I make the olive and lemon dressing while the pork is resting. The cabbage can be started when the roast pork has about 20 minutes to go. It is a good-natured dish and will keep warm in its pan, covered by a lid or reheated at the last minute. Serves 6.
pork loin 2kg (boned, scored and rolled weight)
olive oil 6 tbsp
garlic 3 cloves
rosemary 3 bushy sprigs
For the dressing:
green olives 120g, stoned
parsley 20g
lemon juice 2 tbsp
olive oil 4 tbsp
For the cabbage:
red cabbage 1kg
olive oil 3 tbsp
juniper berries 10
yellow mustard seeds 2 tsp
cider vinegar 3 tbsp
redcurrant or other fruit jelly 3 tbsp
sauerkraut 250g
Set the oven at 220C/gas mark 7. Put the pork, rolled and tied, in a roasting tin and rub with a little of the olive oil – just enough to moisten the skin. Roast the pork for 30 minutes until the skin is starting to puff and blister.

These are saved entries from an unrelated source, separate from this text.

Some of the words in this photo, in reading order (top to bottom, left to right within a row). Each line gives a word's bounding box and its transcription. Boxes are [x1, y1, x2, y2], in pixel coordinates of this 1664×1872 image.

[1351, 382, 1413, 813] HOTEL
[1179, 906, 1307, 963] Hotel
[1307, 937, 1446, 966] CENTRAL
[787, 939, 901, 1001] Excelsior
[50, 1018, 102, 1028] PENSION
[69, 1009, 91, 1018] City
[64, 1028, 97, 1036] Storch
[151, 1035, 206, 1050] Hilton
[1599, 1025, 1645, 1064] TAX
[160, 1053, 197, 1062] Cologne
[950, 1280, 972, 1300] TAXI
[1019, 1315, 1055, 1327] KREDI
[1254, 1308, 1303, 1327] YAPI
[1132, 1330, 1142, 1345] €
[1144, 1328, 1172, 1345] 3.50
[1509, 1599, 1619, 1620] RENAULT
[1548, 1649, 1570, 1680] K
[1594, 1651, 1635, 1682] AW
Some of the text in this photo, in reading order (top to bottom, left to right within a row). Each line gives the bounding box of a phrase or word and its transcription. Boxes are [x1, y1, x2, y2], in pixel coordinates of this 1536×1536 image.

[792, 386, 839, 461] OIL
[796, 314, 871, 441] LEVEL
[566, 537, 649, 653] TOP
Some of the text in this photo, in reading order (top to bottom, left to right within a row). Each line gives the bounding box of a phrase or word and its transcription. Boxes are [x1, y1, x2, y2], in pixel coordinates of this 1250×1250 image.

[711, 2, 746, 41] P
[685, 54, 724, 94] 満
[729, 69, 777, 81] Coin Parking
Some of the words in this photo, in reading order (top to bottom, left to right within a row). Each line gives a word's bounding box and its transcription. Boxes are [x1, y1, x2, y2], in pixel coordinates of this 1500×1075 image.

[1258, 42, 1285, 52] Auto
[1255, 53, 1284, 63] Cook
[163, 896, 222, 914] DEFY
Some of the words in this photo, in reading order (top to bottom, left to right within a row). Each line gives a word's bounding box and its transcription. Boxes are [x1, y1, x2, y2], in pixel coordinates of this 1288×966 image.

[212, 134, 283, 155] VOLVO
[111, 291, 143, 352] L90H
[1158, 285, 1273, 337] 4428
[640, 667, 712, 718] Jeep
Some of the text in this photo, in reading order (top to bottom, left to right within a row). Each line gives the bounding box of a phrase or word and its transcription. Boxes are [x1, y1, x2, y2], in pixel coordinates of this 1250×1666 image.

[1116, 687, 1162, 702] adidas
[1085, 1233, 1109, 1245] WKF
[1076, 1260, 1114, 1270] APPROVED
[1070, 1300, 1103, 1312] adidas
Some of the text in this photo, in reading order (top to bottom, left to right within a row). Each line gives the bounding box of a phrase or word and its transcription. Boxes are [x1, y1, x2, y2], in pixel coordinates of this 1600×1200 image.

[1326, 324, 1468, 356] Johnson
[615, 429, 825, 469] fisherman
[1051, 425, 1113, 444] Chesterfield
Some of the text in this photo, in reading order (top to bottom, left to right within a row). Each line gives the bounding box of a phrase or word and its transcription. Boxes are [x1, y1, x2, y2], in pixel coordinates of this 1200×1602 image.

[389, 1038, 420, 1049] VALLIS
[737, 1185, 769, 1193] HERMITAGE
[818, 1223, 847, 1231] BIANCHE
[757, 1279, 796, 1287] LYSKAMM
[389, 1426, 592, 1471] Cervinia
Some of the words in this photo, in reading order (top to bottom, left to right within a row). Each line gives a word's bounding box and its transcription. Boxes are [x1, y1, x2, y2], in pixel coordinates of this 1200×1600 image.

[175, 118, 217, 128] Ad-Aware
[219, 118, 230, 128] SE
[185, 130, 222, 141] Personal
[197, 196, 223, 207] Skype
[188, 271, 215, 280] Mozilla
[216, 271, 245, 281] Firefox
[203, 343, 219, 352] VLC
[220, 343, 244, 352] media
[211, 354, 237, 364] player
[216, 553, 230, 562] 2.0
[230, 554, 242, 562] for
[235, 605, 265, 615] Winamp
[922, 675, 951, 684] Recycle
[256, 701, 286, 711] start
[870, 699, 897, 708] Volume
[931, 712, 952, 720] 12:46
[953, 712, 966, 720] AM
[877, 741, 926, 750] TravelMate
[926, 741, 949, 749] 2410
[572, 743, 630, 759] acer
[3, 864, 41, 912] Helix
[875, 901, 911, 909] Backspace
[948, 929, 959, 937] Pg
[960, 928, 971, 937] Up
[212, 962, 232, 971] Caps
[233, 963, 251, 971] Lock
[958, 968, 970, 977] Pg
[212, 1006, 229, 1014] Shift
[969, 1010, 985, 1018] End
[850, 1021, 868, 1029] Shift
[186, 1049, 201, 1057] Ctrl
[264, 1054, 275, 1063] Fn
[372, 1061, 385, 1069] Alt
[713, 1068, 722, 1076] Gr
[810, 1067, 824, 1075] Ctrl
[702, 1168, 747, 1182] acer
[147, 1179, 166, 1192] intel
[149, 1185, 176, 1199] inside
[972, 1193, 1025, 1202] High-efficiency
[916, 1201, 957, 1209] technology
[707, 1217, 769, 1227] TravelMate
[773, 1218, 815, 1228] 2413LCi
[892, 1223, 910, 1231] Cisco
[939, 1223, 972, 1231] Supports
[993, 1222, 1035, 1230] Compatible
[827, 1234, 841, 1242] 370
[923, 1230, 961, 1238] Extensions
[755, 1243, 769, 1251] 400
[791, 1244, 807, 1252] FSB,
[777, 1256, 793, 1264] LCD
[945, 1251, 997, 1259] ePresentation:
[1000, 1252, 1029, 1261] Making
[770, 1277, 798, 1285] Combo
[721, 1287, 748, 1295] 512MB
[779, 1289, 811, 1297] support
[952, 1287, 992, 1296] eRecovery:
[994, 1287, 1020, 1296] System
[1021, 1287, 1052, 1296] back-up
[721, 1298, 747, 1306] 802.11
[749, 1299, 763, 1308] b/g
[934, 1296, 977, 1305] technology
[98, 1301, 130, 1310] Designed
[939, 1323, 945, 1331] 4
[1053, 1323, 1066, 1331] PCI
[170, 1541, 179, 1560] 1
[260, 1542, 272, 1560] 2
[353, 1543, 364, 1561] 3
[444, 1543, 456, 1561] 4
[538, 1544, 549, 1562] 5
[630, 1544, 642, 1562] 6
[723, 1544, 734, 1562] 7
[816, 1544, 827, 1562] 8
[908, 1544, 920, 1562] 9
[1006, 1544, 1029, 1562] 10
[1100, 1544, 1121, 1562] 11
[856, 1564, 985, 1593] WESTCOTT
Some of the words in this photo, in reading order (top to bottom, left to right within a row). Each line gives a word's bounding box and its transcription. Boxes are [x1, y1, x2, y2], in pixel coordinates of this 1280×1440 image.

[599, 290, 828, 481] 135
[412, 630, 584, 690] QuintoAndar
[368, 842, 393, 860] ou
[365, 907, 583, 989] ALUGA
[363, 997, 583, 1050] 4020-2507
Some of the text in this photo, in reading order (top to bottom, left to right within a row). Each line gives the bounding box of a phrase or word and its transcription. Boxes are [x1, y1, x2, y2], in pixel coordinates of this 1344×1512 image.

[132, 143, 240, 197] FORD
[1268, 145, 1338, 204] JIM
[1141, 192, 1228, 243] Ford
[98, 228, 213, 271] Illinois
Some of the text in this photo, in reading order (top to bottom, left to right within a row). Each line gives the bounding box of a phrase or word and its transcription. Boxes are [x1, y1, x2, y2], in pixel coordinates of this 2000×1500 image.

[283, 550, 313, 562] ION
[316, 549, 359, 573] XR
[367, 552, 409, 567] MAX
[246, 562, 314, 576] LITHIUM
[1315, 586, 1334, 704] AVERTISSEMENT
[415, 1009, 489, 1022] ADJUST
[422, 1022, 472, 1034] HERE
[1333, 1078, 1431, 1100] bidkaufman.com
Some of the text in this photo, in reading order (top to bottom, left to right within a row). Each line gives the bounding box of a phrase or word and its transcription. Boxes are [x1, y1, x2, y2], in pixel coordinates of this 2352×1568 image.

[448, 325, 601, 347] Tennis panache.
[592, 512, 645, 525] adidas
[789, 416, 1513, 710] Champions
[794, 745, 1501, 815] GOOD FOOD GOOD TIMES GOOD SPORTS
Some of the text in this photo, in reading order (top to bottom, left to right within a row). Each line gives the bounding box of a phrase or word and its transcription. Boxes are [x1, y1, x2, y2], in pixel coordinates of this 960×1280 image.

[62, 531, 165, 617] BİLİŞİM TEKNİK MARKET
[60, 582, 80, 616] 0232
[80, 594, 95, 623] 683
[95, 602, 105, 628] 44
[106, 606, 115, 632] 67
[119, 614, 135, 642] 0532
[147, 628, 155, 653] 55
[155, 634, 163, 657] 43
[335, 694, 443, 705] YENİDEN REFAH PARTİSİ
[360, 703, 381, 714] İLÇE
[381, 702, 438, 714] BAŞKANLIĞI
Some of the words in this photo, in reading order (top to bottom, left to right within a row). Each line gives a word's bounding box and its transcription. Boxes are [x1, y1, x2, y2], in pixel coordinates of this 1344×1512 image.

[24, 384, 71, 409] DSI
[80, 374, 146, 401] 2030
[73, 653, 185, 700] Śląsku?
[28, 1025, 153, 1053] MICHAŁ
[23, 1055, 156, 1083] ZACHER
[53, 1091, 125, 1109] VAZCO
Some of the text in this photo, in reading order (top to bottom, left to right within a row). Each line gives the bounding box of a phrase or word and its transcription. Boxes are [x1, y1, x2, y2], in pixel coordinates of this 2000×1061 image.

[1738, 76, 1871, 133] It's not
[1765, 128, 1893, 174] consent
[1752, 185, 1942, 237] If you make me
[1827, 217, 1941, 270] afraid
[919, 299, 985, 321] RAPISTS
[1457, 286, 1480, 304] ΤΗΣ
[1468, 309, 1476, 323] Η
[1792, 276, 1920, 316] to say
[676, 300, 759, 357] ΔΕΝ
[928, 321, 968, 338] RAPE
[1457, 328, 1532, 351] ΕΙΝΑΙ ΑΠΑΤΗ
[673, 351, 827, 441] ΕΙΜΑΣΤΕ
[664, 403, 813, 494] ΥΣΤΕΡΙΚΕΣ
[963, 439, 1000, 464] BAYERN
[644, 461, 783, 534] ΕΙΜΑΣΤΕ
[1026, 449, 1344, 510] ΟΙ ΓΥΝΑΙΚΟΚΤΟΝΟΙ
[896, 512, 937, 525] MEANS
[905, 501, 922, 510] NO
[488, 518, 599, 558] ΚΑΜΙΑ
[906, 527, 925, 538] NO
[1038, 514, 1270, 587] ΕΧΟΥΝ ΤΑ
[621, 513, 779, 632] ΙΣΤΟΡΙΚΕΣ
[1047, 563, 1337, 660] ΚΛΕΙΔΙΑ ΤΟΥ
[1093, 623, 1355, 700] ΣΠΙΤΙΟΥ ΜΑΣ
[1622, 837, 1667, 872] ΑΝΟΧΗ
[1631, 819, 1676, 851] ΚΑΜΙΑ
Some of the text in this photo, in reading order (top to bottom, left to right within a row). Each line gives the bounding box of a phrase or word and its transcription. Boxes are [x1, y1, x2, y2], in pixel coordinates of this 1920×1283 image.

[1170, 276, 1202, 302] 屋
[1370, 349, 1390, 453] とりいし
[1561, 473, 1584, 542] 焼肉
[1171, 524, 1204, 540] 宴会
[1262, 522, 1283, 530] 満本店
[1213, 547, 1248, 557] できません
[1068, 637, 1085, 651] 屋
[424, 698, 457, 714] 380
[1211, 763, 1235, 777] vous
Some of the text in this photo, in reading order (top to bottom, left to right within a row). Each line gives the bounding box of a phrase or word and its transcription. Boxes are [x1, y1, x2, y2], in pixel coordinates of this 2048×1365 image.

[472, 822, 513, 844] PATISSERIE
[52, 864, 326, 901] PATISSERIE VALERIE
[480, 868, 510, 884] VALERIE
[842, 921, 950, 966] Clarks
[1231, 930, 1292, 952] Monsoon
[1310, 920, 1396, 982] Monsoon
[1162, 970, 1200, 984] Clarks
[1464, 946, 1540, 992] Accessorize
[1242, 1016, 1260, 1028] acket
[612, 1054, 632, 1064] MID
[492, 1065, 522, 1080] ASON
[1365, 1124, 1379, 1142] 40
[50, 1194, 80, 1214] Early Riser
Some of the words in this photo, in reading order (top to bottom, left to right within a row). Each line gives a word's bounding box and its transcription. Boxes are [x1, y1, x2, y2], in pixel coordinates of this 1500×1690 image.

Peel and roughly chop the garlic. Finely chop the rosemary leaves, discarding the stems. Mix the rosemary and garlic with the olive oil and season with salt and pepper. Remove the pork briefly from the oven and spoon the rosemary and garlic oil over the meat, then return to the oven and lower the heat to 180C/gas mark 4. Continue roasting for 45 minutes until the juices run clear, or until the internal temperature of the meat reaches 60C on a meat thermometer. Remove the meat from the oven, cover lightly with foil and leave in a warm place to rest.
Make the dressing: put the roasting tin on the hob over a moderate heat. Roughly chop the green olives, finely chop the parsley and mix with the lemon juice and olive oil.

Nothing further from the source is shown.